The performance of the 8TB Red was quite good. At the beginning of testing when I was running through IOMeter and several other benchmarks I normally run, I didn't really notice how good the 8TB was. It wasn't until I started punching numbers into the charts that I saw it placing a beating on many of the drive I tested in the past, including the Red Pro. ATTO disk bench produced 180 MB/s on both end read and write and moving to Random testing, the Red was able to knock out nearly 600 IOPS read and 50 IOPS write.
IOMeter with sequential was spot on with what we saw in ATTO, 180 MB/s read and write but moving to the "SMB" or Workloads testing, I was genuinely astonished to see how well this drive did. Database produced 450 IOPs, 250 more than the Red Pro, while File Server and Email Server brought in 390 and 500, respectively. In finalizing my testing, I ran through the Workstation load and once again the 8TB Red topped all with 520 IOPs.

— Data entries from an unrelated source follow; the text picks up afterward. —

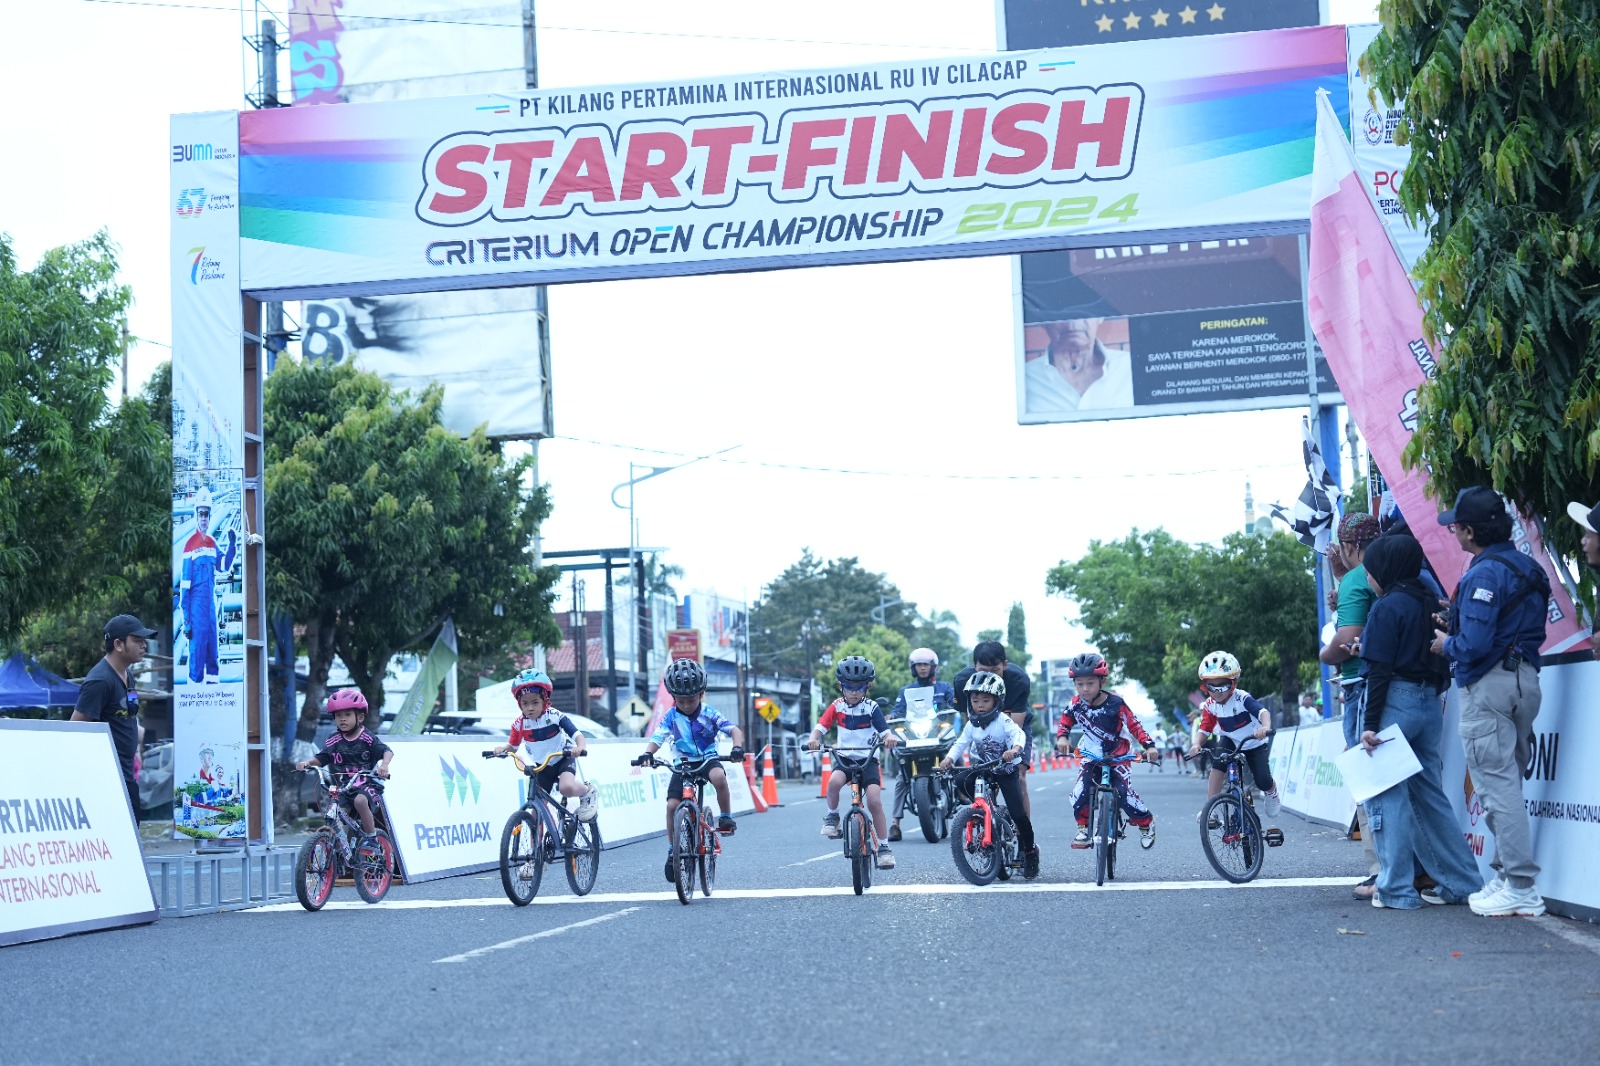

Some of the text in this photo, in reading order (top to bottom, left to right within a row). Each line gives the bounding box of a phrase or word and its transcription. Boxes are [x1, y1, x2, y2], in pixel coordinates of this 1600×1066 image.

[520, 59, 1028, 118] PT KILANG PERTAMINA INTERNASIONAL RU IV CILACAP
[428, 96, 1131, 215] START-FINISH
[425, 192, 1140, 267] CRITERIUM OPEN CHAMPIONSHIP 2024
[1200, 316, 1269, 330] PERINGATAN:
[1192, 336, 1230, 347] KARENA
[1148, 352, 1171, 362] SAYA
[1172, 348, 1214, 360] TERKENA
[1215, 345, 1253, 357] KANKER
[1145, 363, 1182, 373] LAYANAN
[1183, 359, 1225, 370] BERHENTI
[1226, 356, 1268, 366] MEROKOK
[1151, 388, 1177, 397] ORANG
[1178, 387, 1186, 395] DI
[1221, 382, 1245, 391] TAHUN
[1245, 380, 1261, 390] DAN
[1261, 377, 1305, 388] PEREMPUAN
[1166, 379, 1202, 389] DILARANG
[1202, 376, 1234, 386] MENJUAL
[1234, 375, 1250, 384] DAN
[1250, 372, 1283, 382] MEMBERI
[332, 752, 343, 764] 10
[1529, 799, 1565, 819] OLAHRAGA
[413, 821, 492, 851] PERTAMAX
[37, 838, 113, 866] PERTAMINA
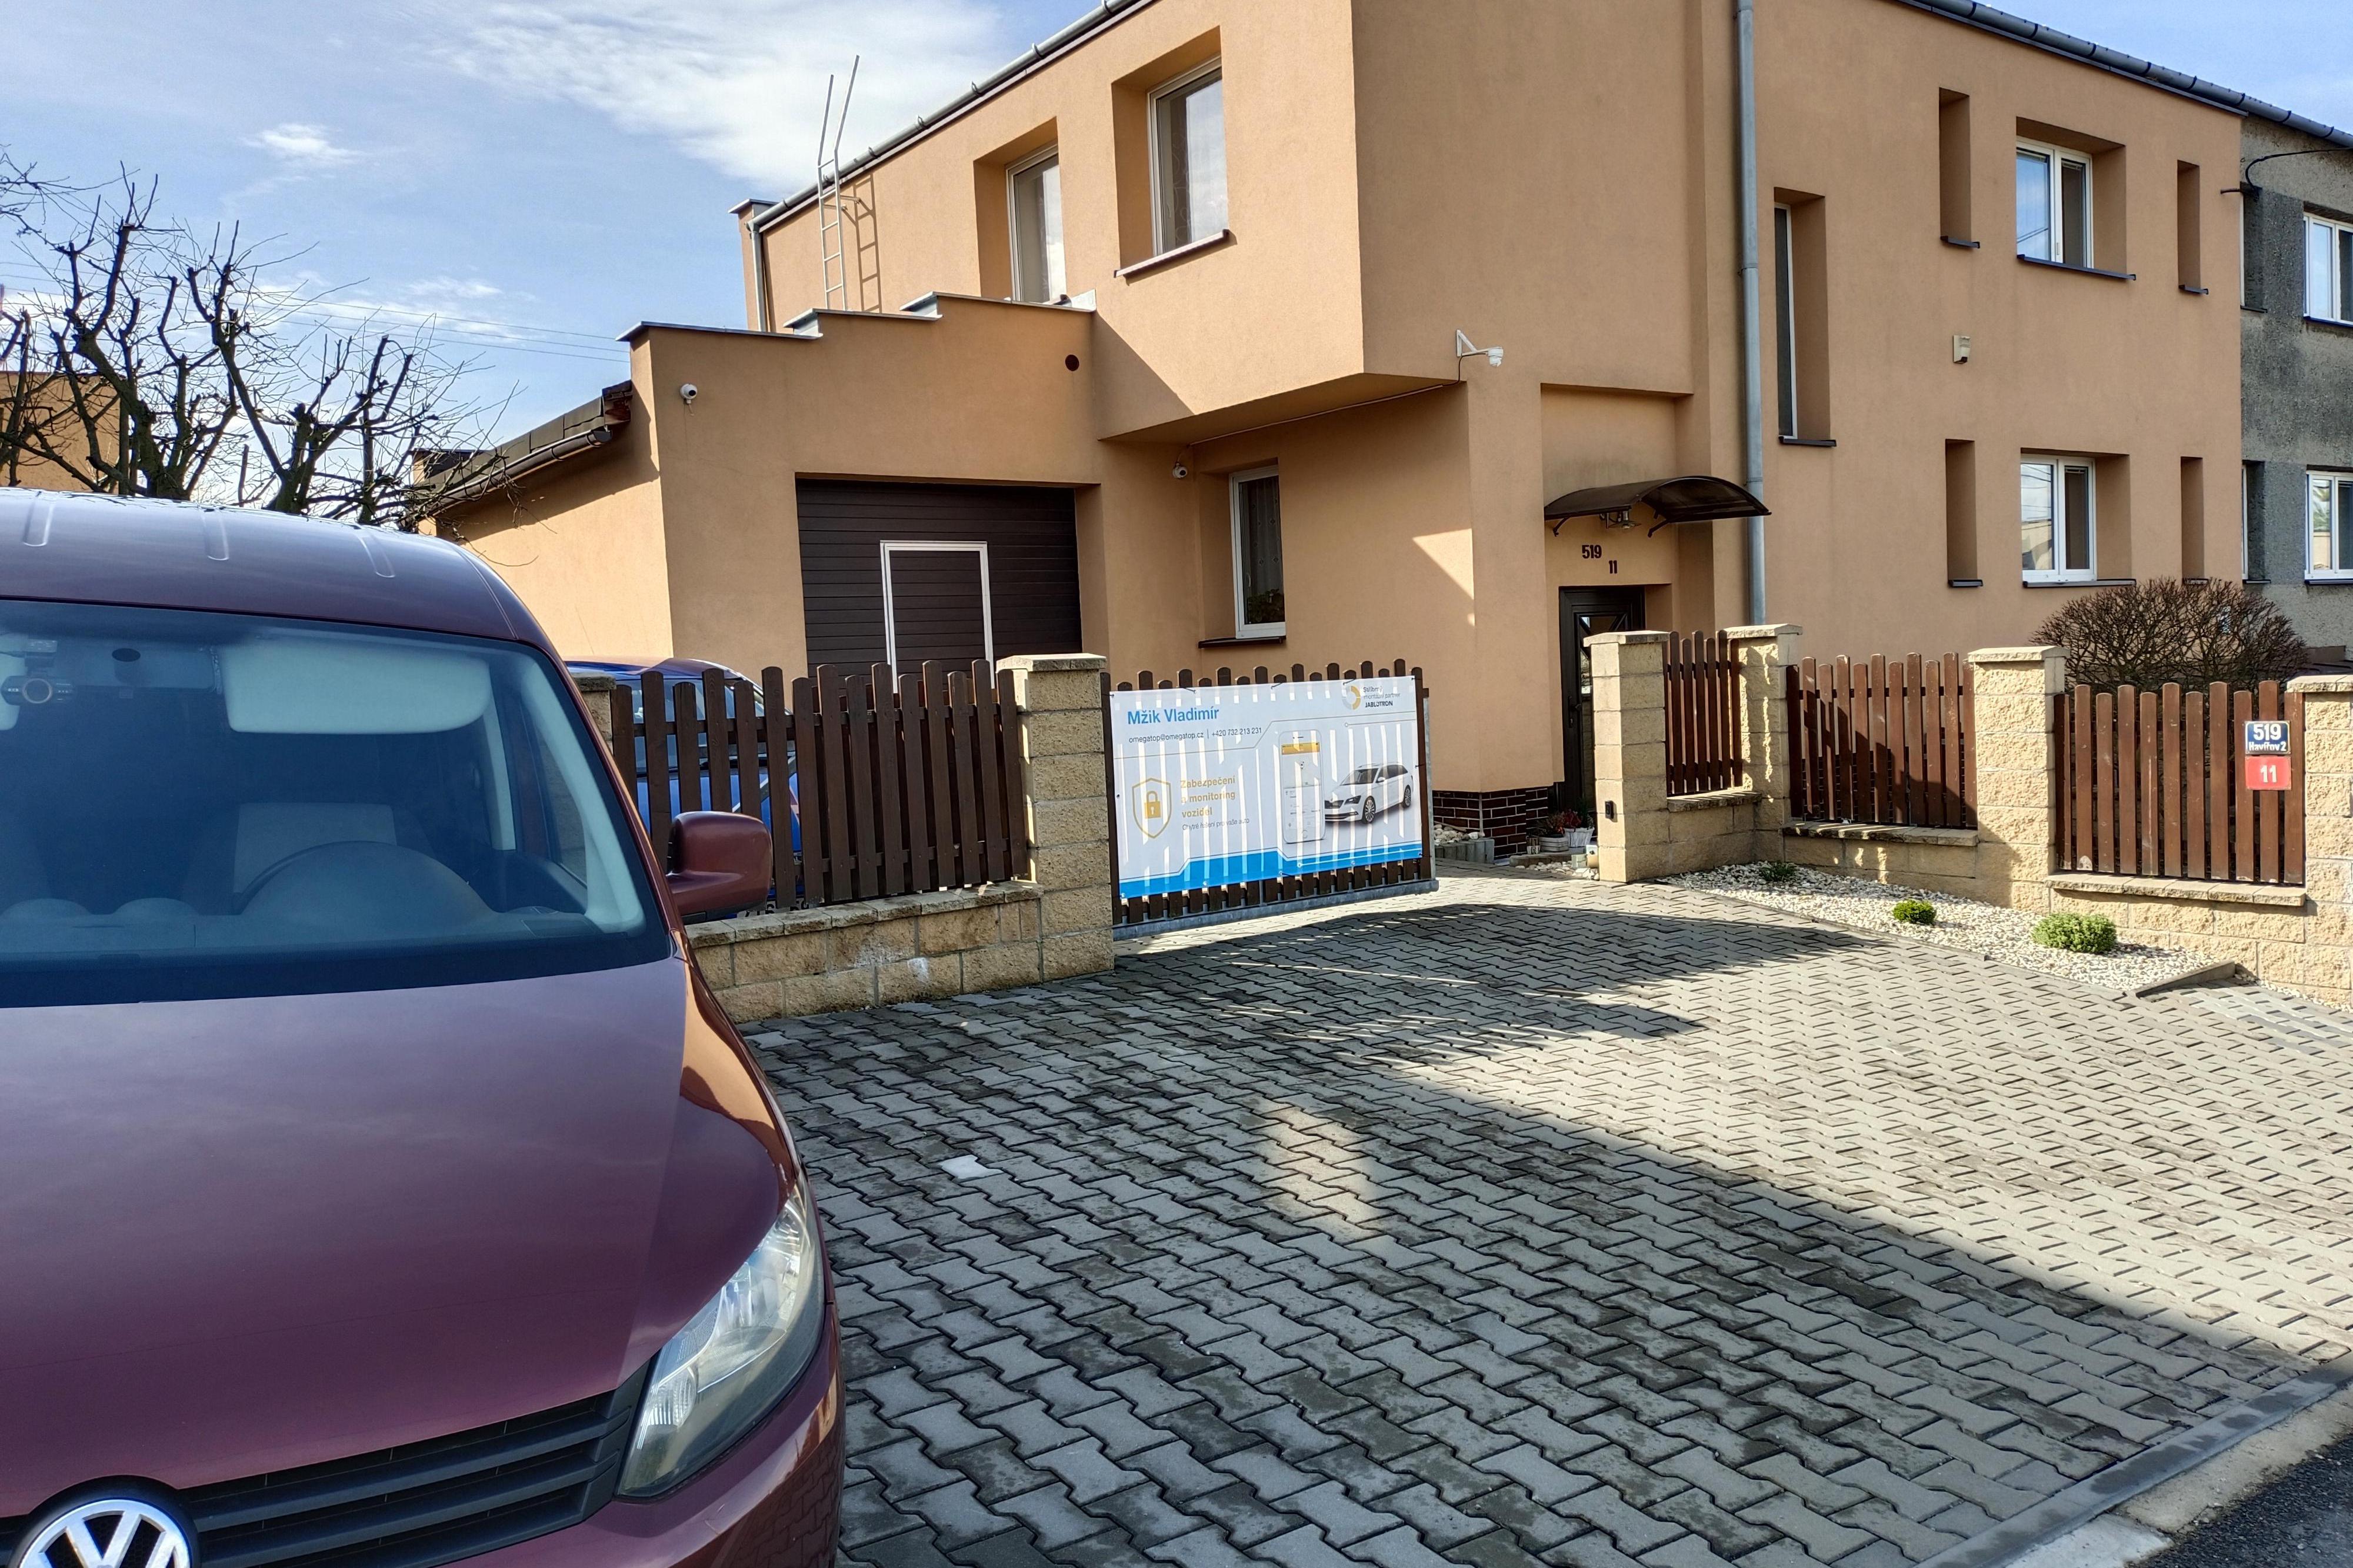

In closing, the WD Red in the new 8TB capacity is one of the most impressive drives I have tested, and that's after seeing nearly every new drive come through in the past four years.
|Quality including Design and Build||90%|
|Bundle and Packaging||90%|
|Value for Money||89%|
The Bottom Line: The 8TB Red from WD is one drive to get excited about offering both performance and capacity in one solution, with a comfortable price point considering what it has to offer.